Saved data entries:
::::::::::
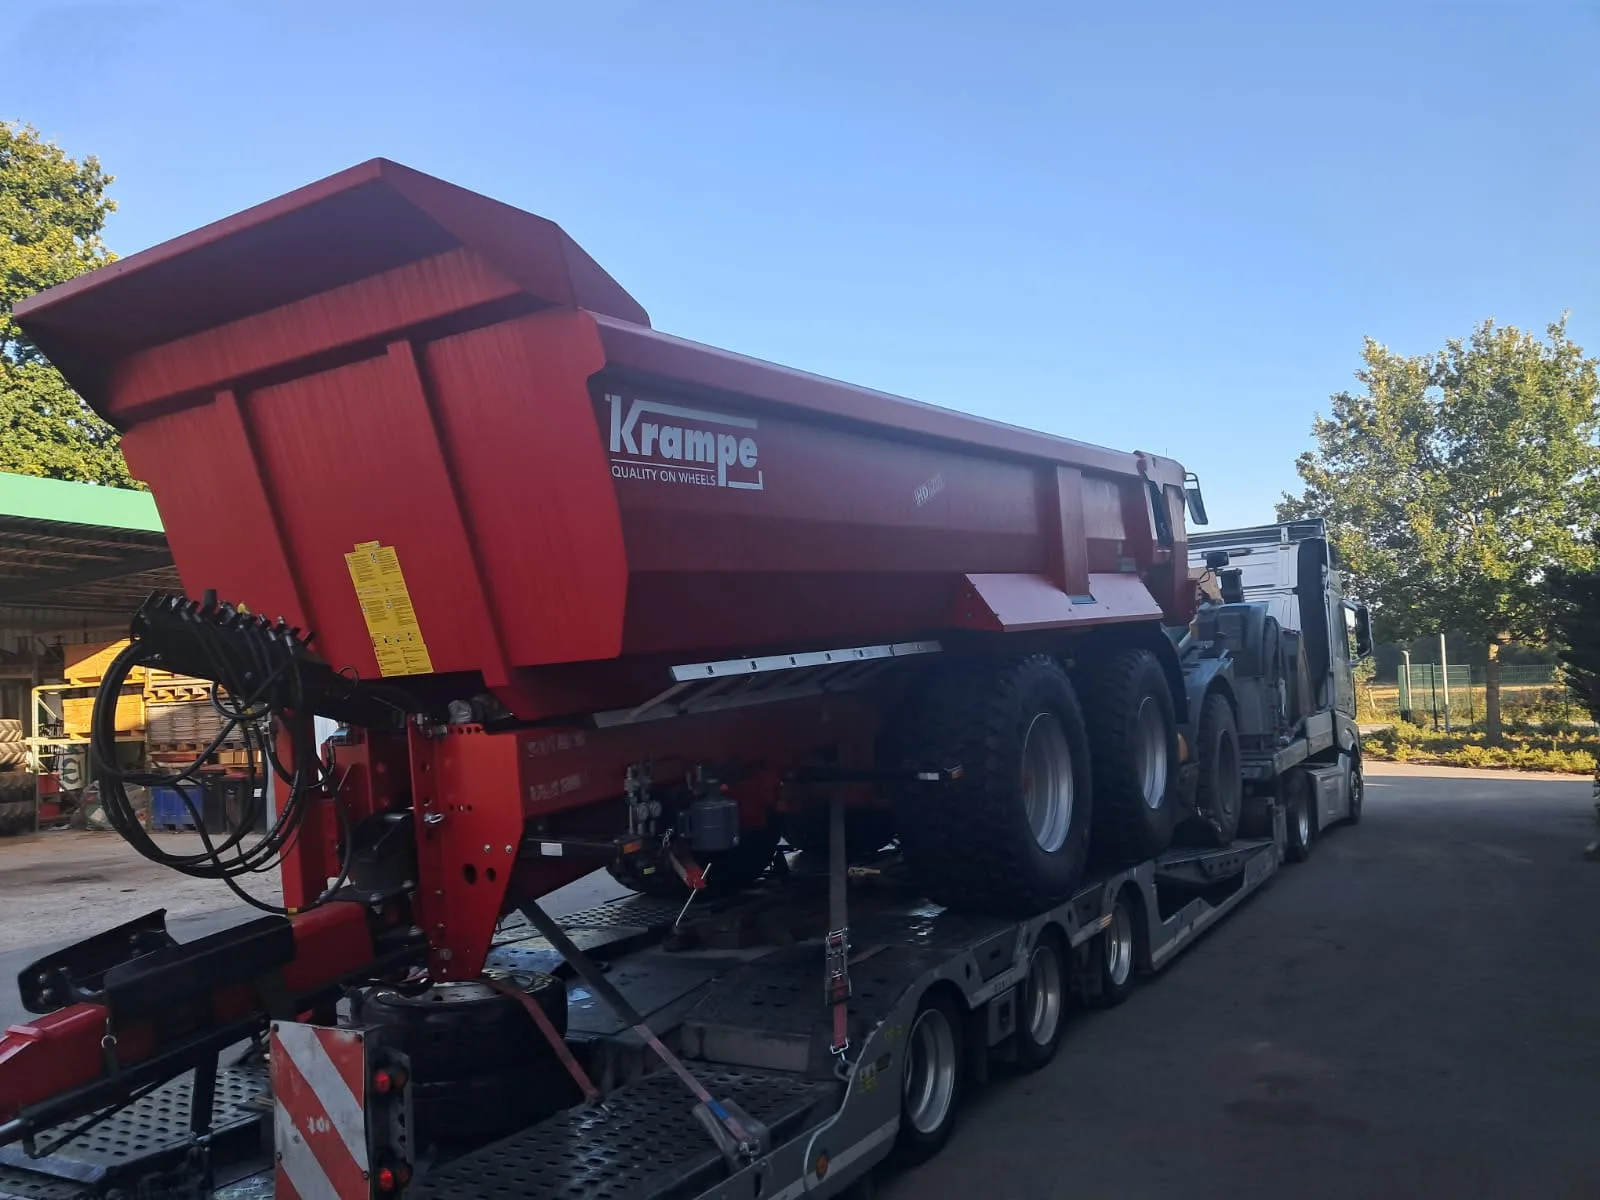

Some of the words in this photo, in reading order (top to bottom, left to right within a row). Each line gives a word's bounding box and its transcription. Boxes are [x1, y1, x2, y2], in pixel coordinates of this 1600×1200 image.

[609, 394, 758, 487] Krampe
[611, 465, 657, 481] QUALITY
[660, 470, 677, 482] ON
[678, 471, 716, 486] WHEELS
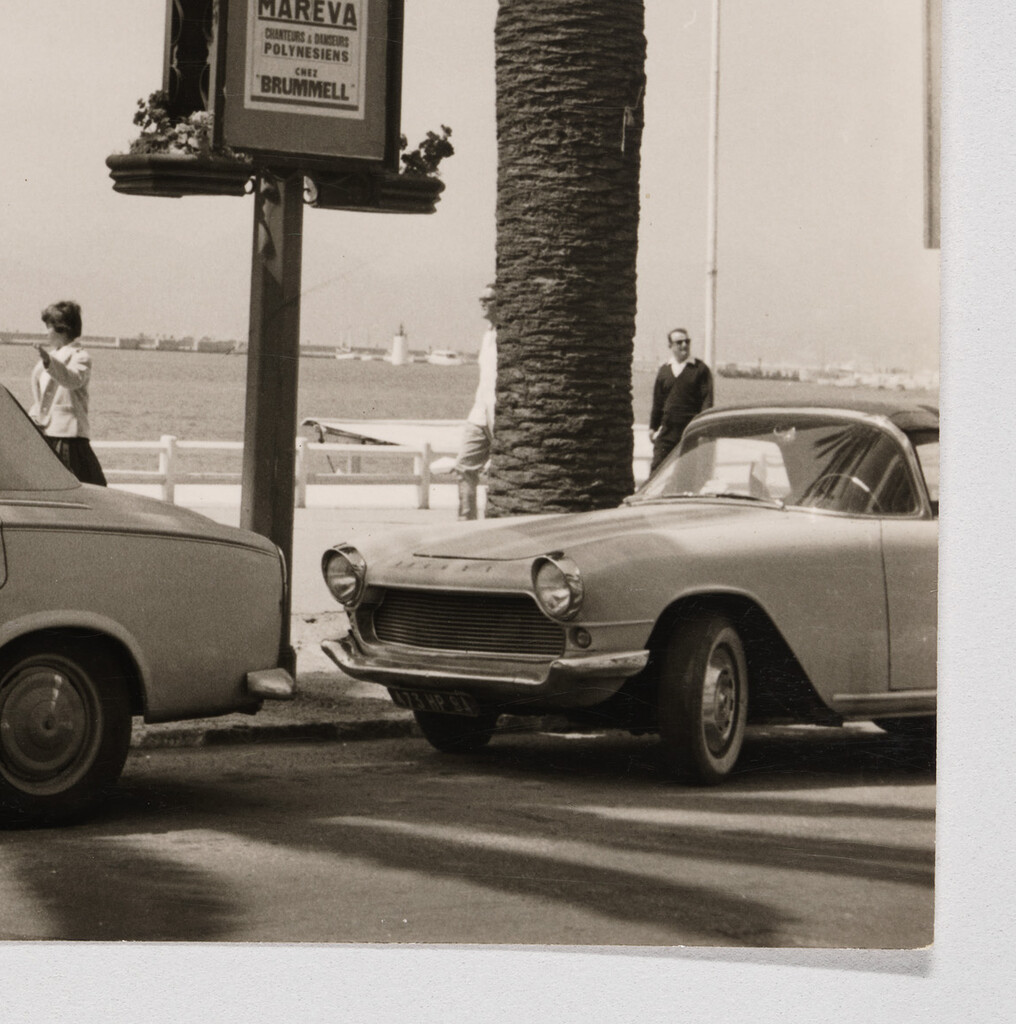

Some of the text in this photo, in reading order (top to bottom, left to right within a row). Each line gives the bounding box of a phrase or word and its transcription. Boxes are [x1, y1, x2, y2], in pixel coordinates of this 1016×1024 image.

[264, 28, 305, 44] CHANTEURS
[314, 33, 349, 48] DANSEURS
[264, 42, 349, 62] POLYNESIENS
[295, 67, 318, 78] CHEZ
::::::::::
_Description of the task:_ Could you set down the data exactly as given, minus its pictures?

_Task output:_
Some of the words in this photo, in reading order (top to bottom, left to right within a row). Each line gives a word's bounding box and its transcription. Boxes are [x1, y1, x2, y2], in pixel coordinates of this 1600×1200 image.

[609, 394, 758, 487] Krampe
[611, 465, 657, 481] QUALITY
[660, 470, 677, 482] ON
[678, 471, 716, 486] WHEELS

Some of the text in this photo, in reading order (top to bottom, left to right within a row). Each line gives the bounding box of a phrase or word and its transcription. Boxes are [x1, y1, x2, y2], in pixel coordinates of this 1016×1024 image.

[264, 28, 305, 44] CHANTEURS
[314, 33, 349, 48] DANSEURS
[264, 42, 349, 62] POLYNESIENS
[295, 67, 318, 78] CHEZ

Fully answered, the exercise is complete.